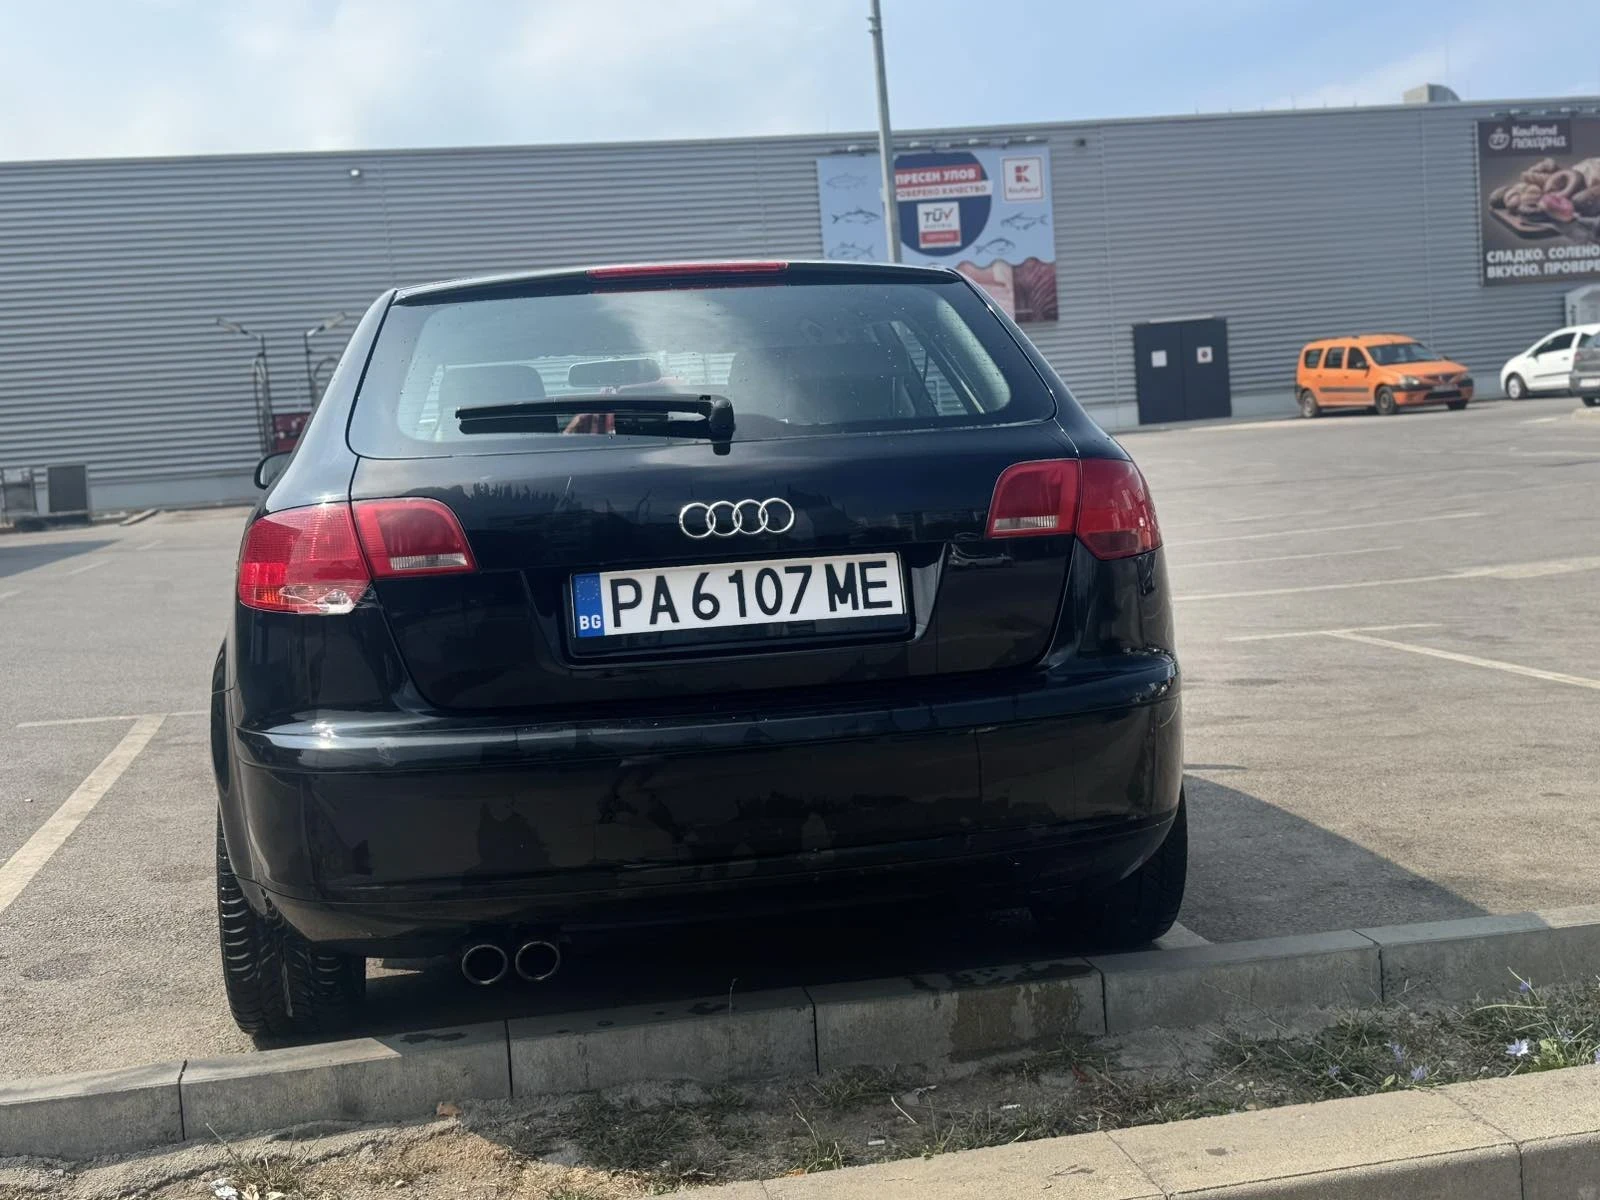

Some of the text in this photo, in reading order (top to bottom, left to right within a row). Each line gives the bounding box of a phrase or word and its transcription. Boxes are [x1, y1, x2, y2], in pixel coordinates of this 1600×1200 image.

[895, 168, 976, 185] ПРЕСЕН УЛОВ
[1486, 248, 1545, 263] СЛАДКО.
[1486, 263, 1541, 279] ВКУСНО.
[610, 560, 893, 628] PA 6107 ME
[579, 614, 602, 630] BG
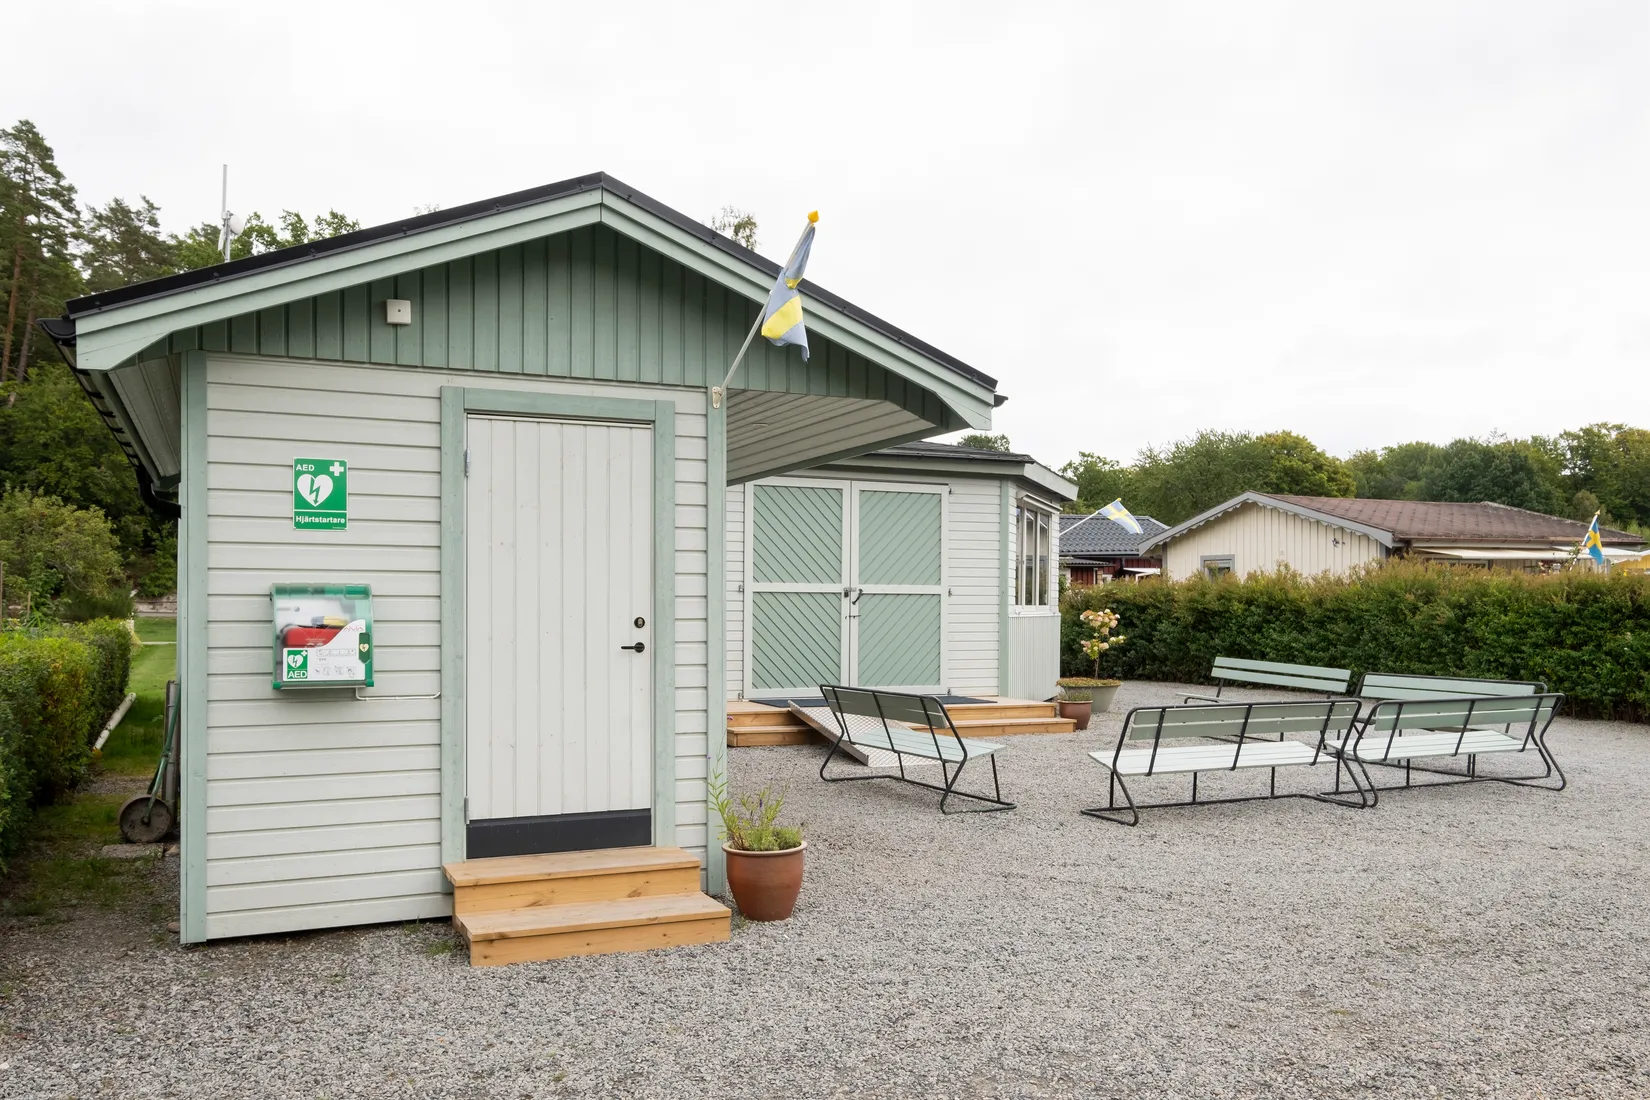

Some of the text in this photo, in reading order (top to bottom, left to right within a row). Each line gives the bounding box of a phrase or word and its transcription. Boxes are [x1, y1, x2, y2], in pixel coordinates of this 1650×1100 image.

[295, 464, 315, 472] AED
[295, 515, 346, 524] Hjärtstartare
[287, 670, 308, 678] AED

※ ※ ※

Where the data contains an image, skip the image and copy everything else exactly as it appears.

Solution to this exercise »
Some of the text in this photo, in reading order (top to bottom, left to right within a row). Each line gives the bounding box of a phrase or word and its transcription. Boxes are [x1, y1, x2, y2], in pixel coordinates of this 1600×1200 image.

[895, 168, 976, 185] ПРЕСЕН УЛОВ
[1486, 248, 1545, 263] СЛАДКО.
[1486, 263, 1541, 279] ВКУСНО.
[610, 560, 893, 628] PA 6107 ME
[579, 614, 602, 630] BG

Some of the text in this photo, in reading order (top to bottom, left to right within a row). Each line gives the bounding box of a phrase or word and its transcription. Boxes are [x1, y1, x2, y2], in pixel coordinates of this 1650×1100 image.

[295, 464, 315, 472] AED
[295, 515, 346, 524] Hjärtstartare
[287, 670, 308, 678] AED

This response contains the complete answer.